期刊
INTERNATIONAL JOURNAL OF HEAT AND MASS TRANSFER
卷 220, 期 -, 页码 -出版社
PERGAMON-ELSEVIER SCIENCE LTD
DOI: 10.1016/j.ijheatmasstransfer.2023.124965
关键词
Vibrating fans; Fin heat sink; Heat dissipation; Trapezoidal-folding
This study experimentally examined the heat dissipation of vibrating fans and demonstrated its inherent mechanism through numerical simulation. The results showed that the flow fields induced by the vibrating blades exhibited pulsating features and formed large-scale and small-scale vortical structures, significantly improving heat dissipation. The study also identified the impacts of different blade structures and developed a trapezoidal-folding blade, which effectively reduced the maximum temperature of the heat source and alleviated high-temperature failure crisis.

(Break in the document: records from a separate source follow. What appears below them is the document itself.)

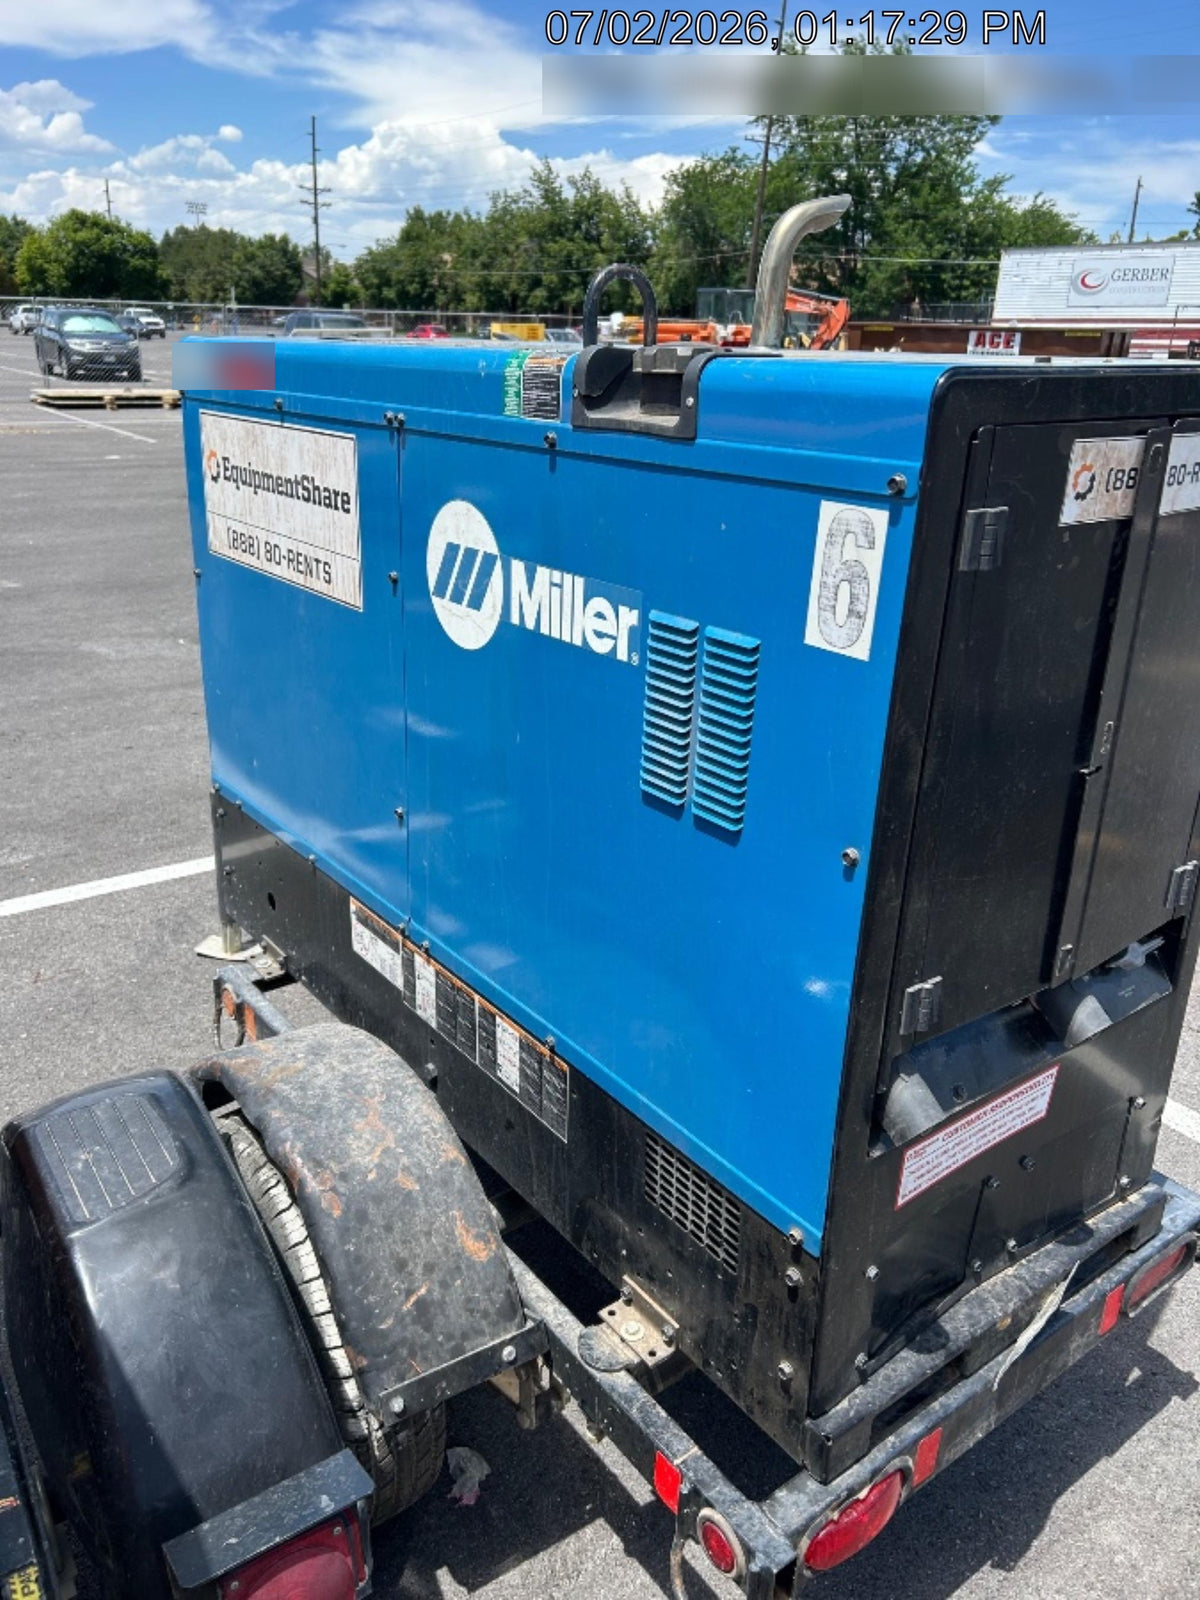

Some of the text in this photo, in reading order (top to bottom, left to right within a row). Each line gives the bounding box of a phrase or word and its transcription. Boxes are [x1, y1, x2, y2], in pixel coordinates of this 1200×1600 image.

[1111, 268, 1169, 282] GERBER
[974, 330, 1016, 349] ACE
[221, 456, 351, 515] EquipmentShare
[226, 526, 332, 585] (888) 80-RENTS
[817, 508, 875, 649] 6
[510, 557, 640, 662] Miller

The vibrating fan is one of the promising candidates to alleviate the thermal failure of electronic devices, while its coupling mechanism in actual applications is not clear yet. In this work, the heat dissipation of vibrating fans was experimentally examined, and its inherent mechanism was demonstrated through the comparison between steady and pulsating flows based on numerical simulation. Firstly, the flow fields induced by the vibrating blades exhibit pulsating features, but the localized velocity magnitude is much higher than the pulsating flow. Besides, the large-scale vortical structures are first formed at the blade tip and then squeezed by the fins into various small-scale vortices flowing into the channels. Thus, the heat dissipation is significantly improved. Secondly, the impacts of different blade structures are identified. The trapezoidal structure can drive more airflow due to its large swept area, and the grooved structure can benefit the formation of small-scale vortices. Then, the trapezoidal-folding blade is developed as a combination of trapezoidal and grooved structures. It is found that the trapezoidal-folding blade can decrease the maximum temperature of the heat source by 7.5 degrees C compared to the traditional steady flow condition, which can effectively alleviate the high-temperature failure crisis.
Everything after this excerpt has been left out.